◆ HOW TO COMPLETE THIS TASK:
What you return must match the listing below character for character, minus any pictures.
= = = = =
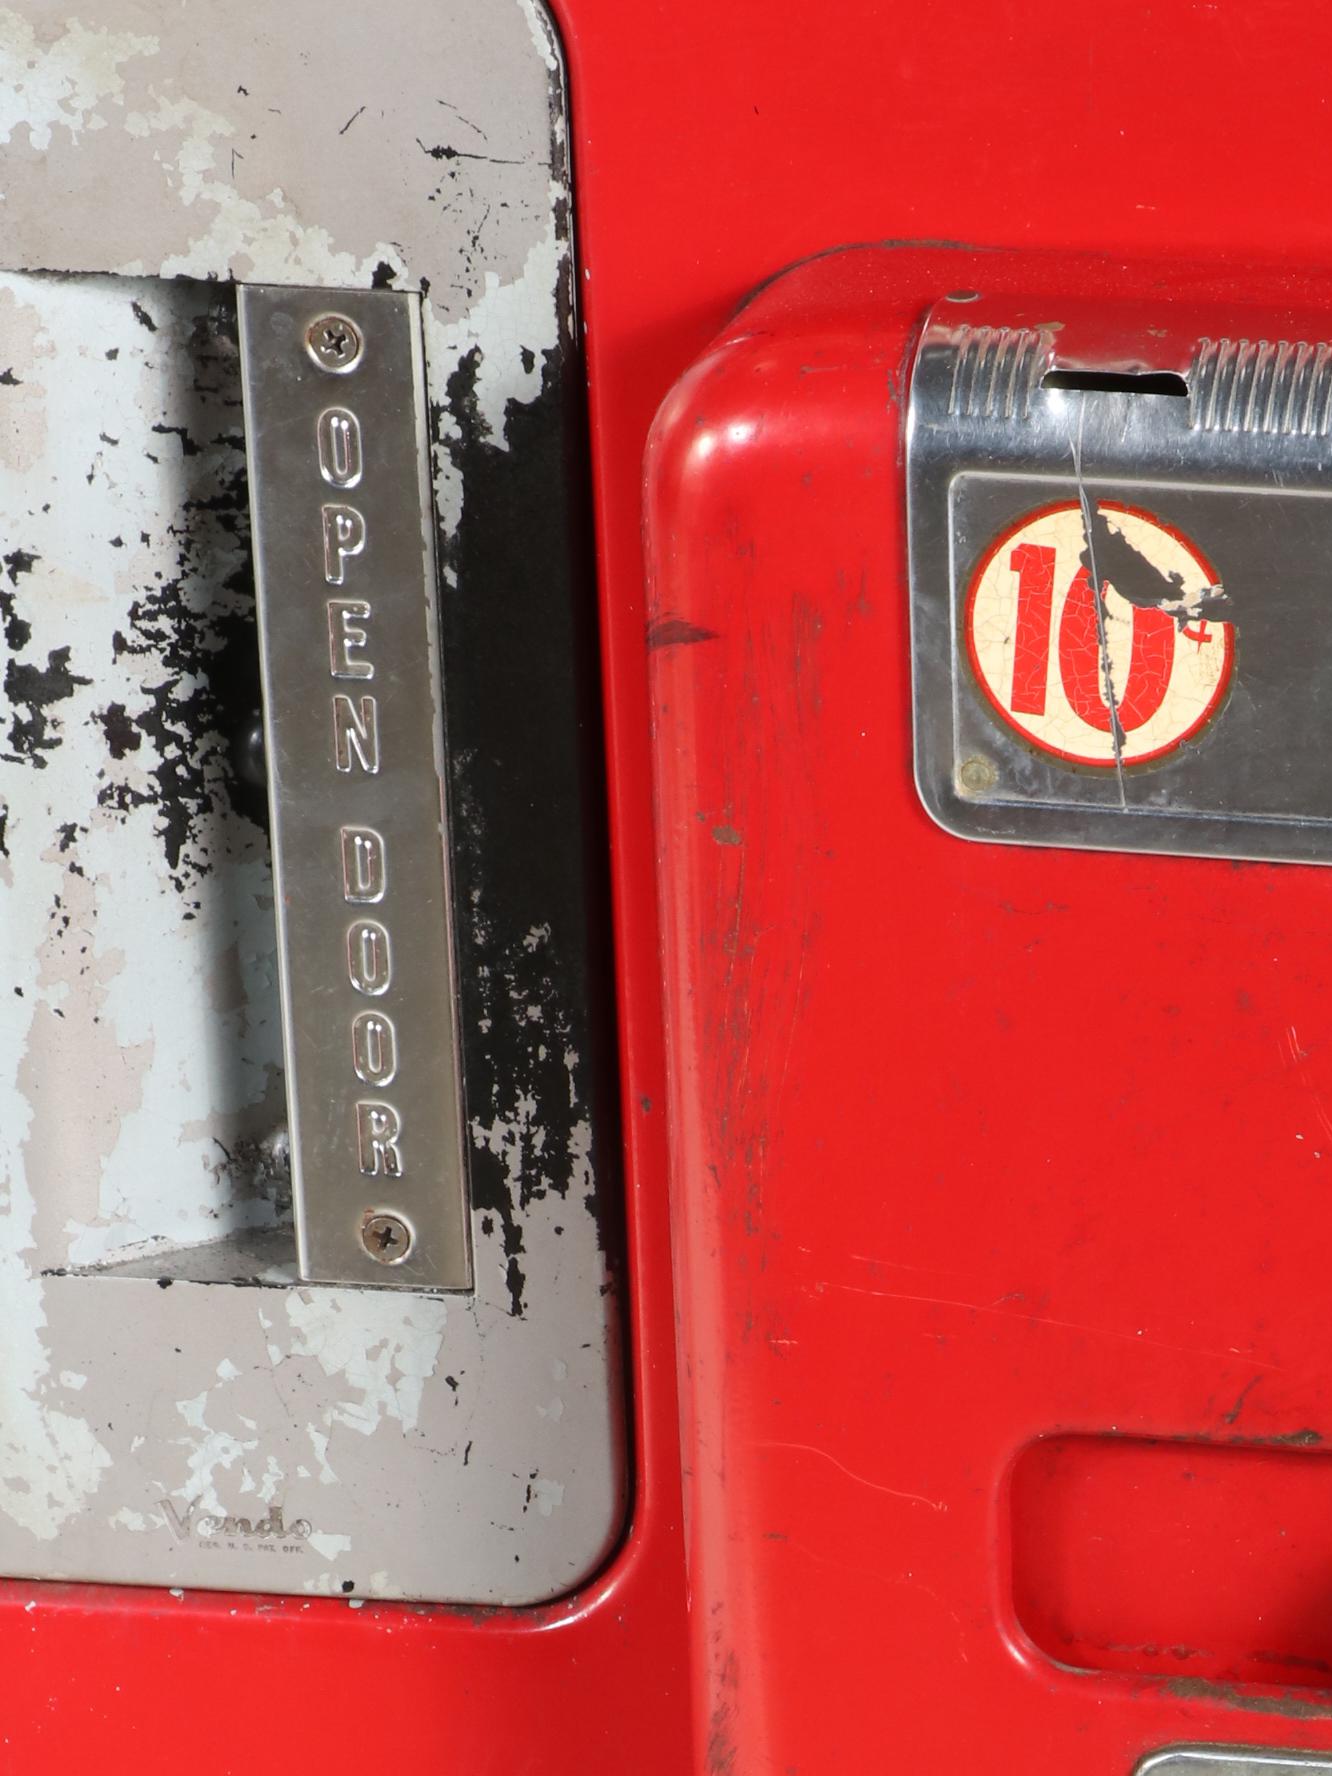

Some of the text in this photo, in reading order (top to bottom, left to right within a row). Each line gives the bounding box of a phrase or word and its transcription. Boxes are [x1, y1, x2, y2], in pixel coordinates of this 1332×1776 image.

[317, 407, 402, 1178] OPEN DOOR
[154, 1495, 312, 1543] Vendo
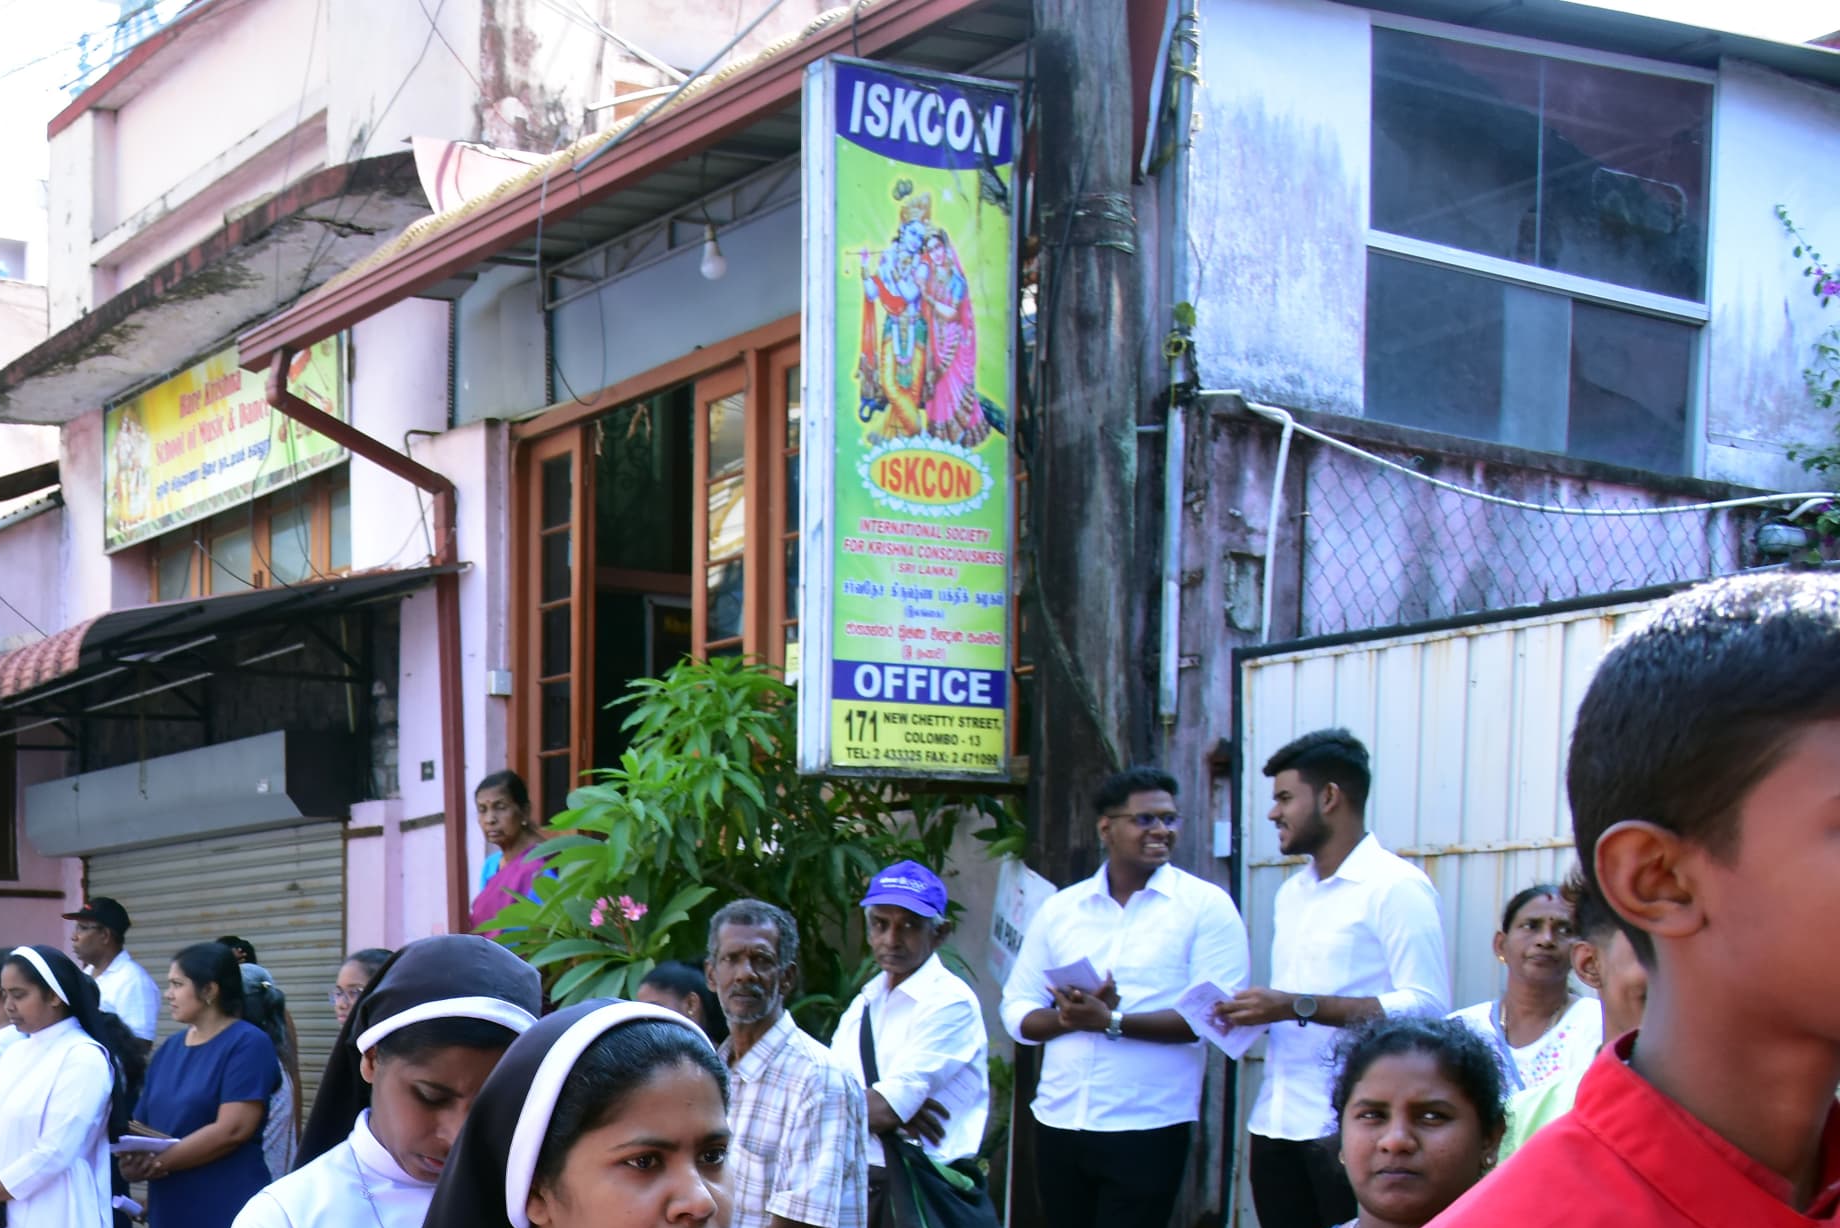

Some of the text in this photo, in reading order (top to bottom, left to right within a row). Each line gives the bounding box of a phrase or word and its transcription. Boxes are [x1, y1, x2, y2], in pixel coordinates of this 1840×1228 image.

[849, 80, 1005, 156] ISKCON
[879, 456, 972, 499] ISKCON
[861, 519, 990, 543] INTERNATIONAL SOCIETY
[844, 538, 1005, 565] FOR KRISHNA CONSCIOUSNESS
[853, 664, 992, 704] OFFICE
[845, 709, 1002, 743] 171 NEW CHETTY STREET,
[904, 731, 959, 746] COLOMBO
[969, 734, 981, 747] 13
[846, 747, 871, 760] TEL:
[873, 748, 880, 760] 2
[925, 750, 951, 764] FAX:
[952, 751, 959, 764] 2
= = = = =
◆ EXERCISE ANSWER:
Some of the text in this photo, in reading order (top to bottom, left to right within a row). Each line gives the bounding box of a phrase or word and its transcription. Boxes are [x1, y1, x2, y2], in pixel coordinates of this 1332×1776 image.

[317, 407, 402, 1178] OPEN DOOR
[154, 1495, 312, 1543] Vendo

Some of the text in this photo, in reading order (top to bottom, left to right within a row). Each line gives the bounding box of a phrase or word and its transcription. Boxes are [x1, y1, x2, y2], in pixel coordinates of this 1840×1228 image.

[849, 80, 1005, 156] ISKCON
[879, 456, 972, 499] ISKCON
[861, 519, 990, 543] INTERNATIONAL SOCIETY
[844, 538, 1005, 565] FOR KRISHNA CONSCIOUSNESS
[853, 664, 992, 704] OFFICE
[845, 709, 1002, 743] 171 NEW CHETTY STREET,
[904, 731, 959, 746] COLOMBO
[969, 734, 981, 747] 13
[846, 747, 871, 760] TEL:
[873, 748, 880, 760] 2
[925, 750, 951, 764] FAX:
[952, 751, 959, 764] 2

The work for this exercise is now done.